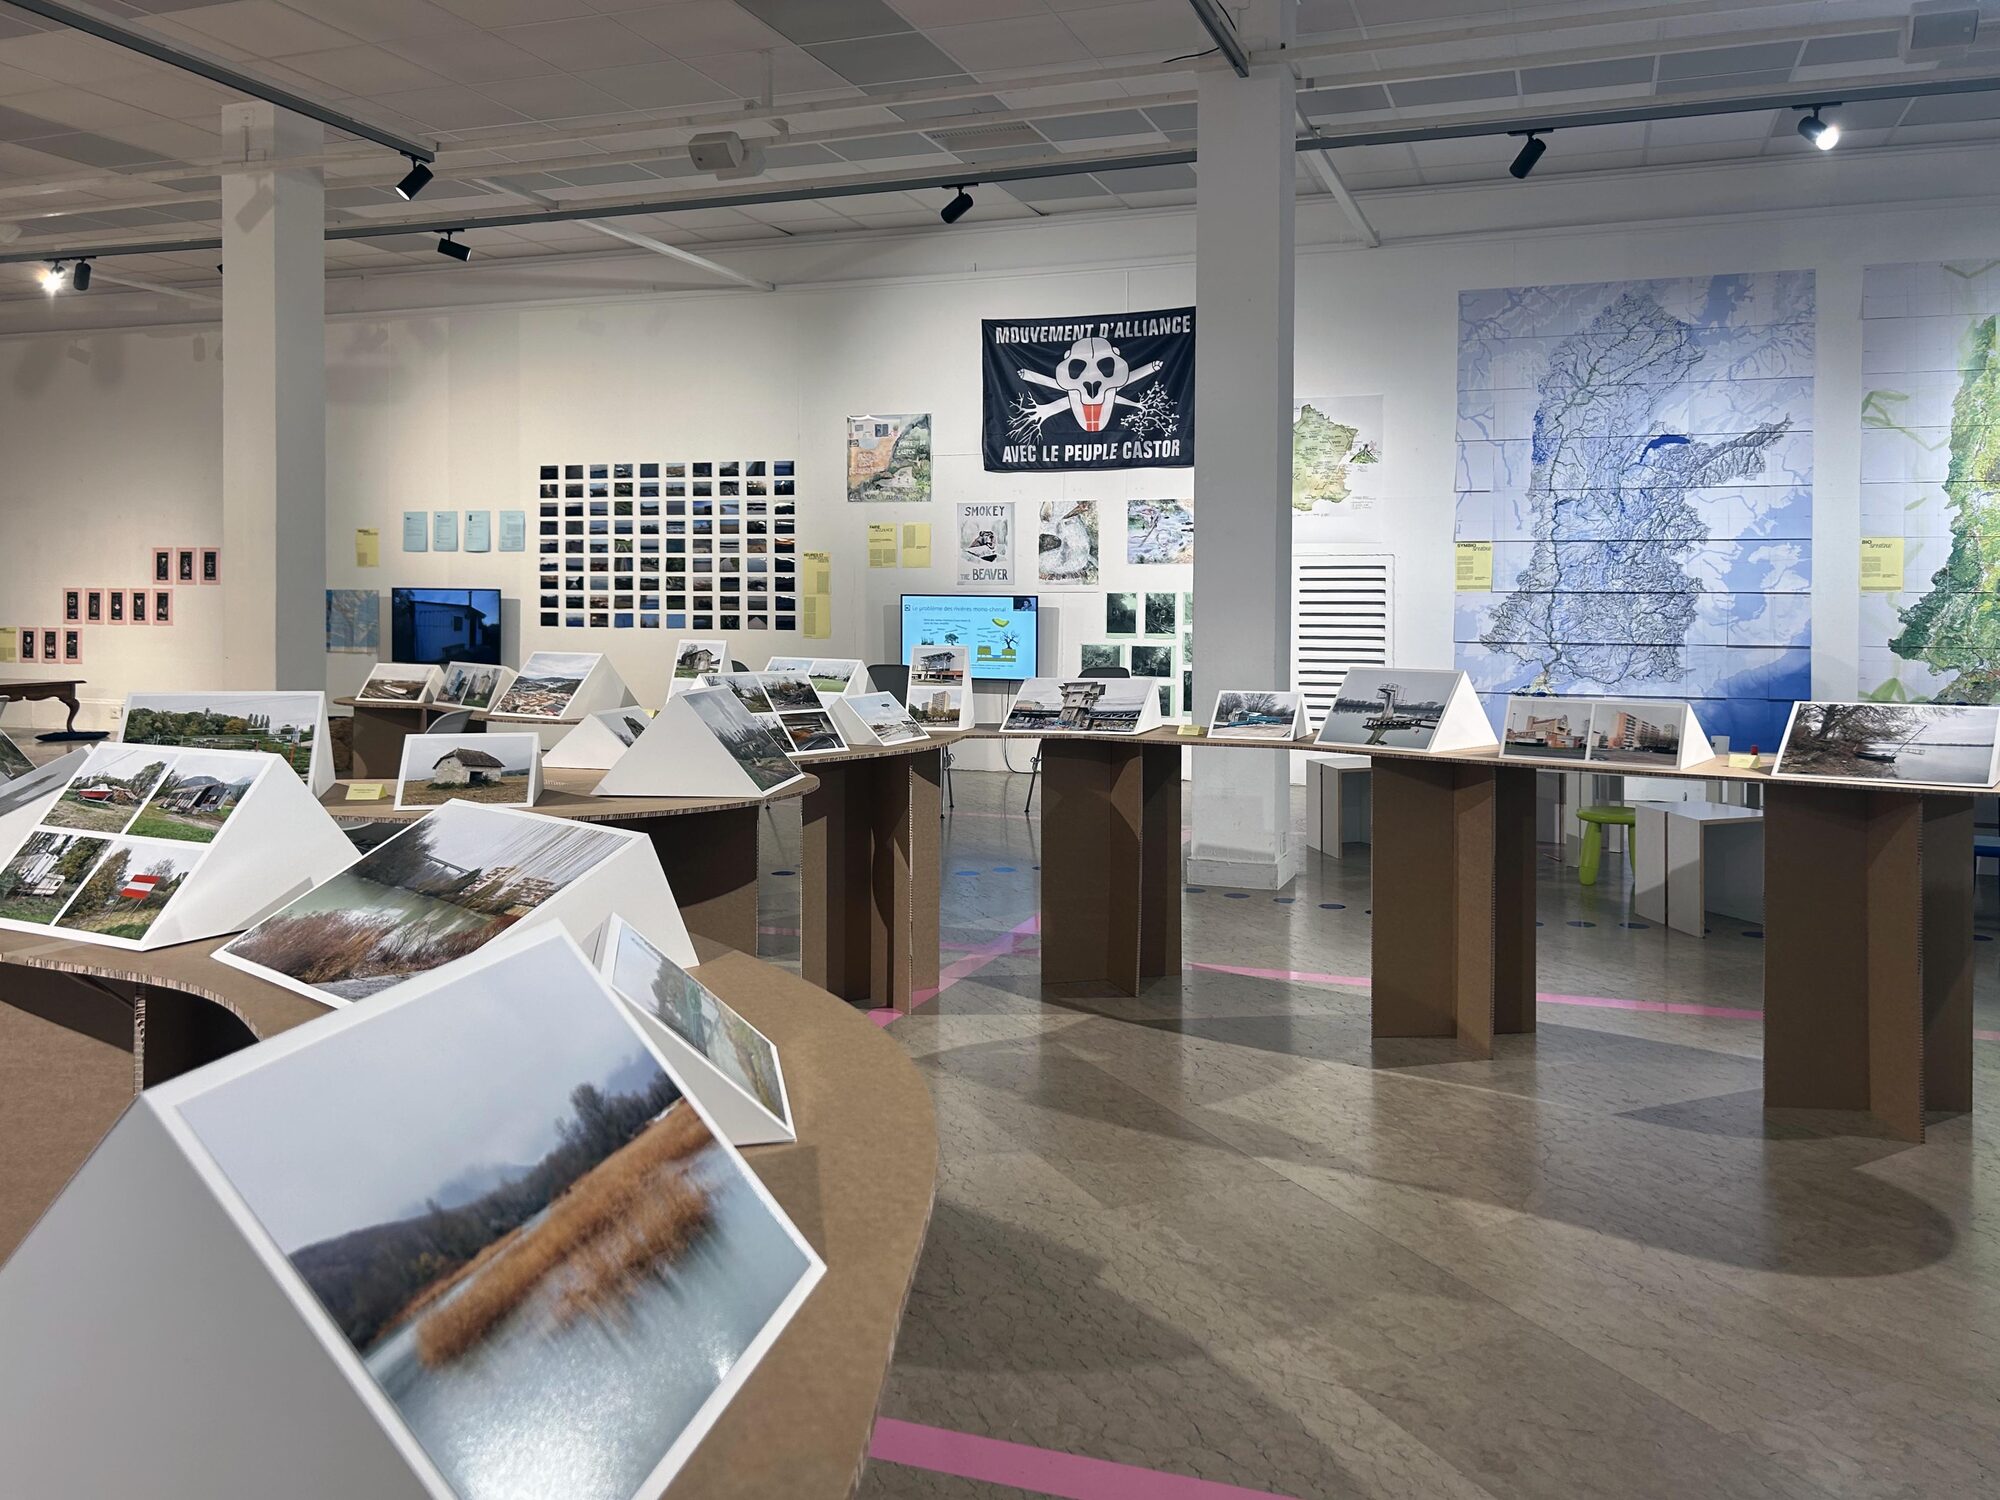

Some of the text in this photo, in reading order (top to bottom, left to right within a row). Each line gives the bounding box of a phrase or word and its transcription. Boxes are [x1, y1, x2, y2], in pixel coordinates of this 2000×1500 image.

[996, 315, 1191, 344] MOUVEMENT D'ALLIANCE
[1002, 439, 1180, 463] AVEC LE PEUPLE CASTOR
[964, 505, 1005, 517] SMOKEY
[972, 568, 1008, 581] BEAVER
----------
**What to produce:** The entries above are to be returned exactly, without their pictures.

**Task result:**
Some of the text in this photo, in reading order (top to bottom, left to right within a row). Each line gives the bounding box of a phrase or word and its transcription. Boxes are [x1, y1, x2, y2], in pixel coordinates of this 2000×1500 image.

[996, 315, 1191, 344] MOUVEMENT D'ALLIANCE
[1002, 439, 1180, 463] AVEC LE PEUPLE CASTOR
[964, 505, 1005, 517] SMOKEY
[972, 568, 1008, 581] BEAVER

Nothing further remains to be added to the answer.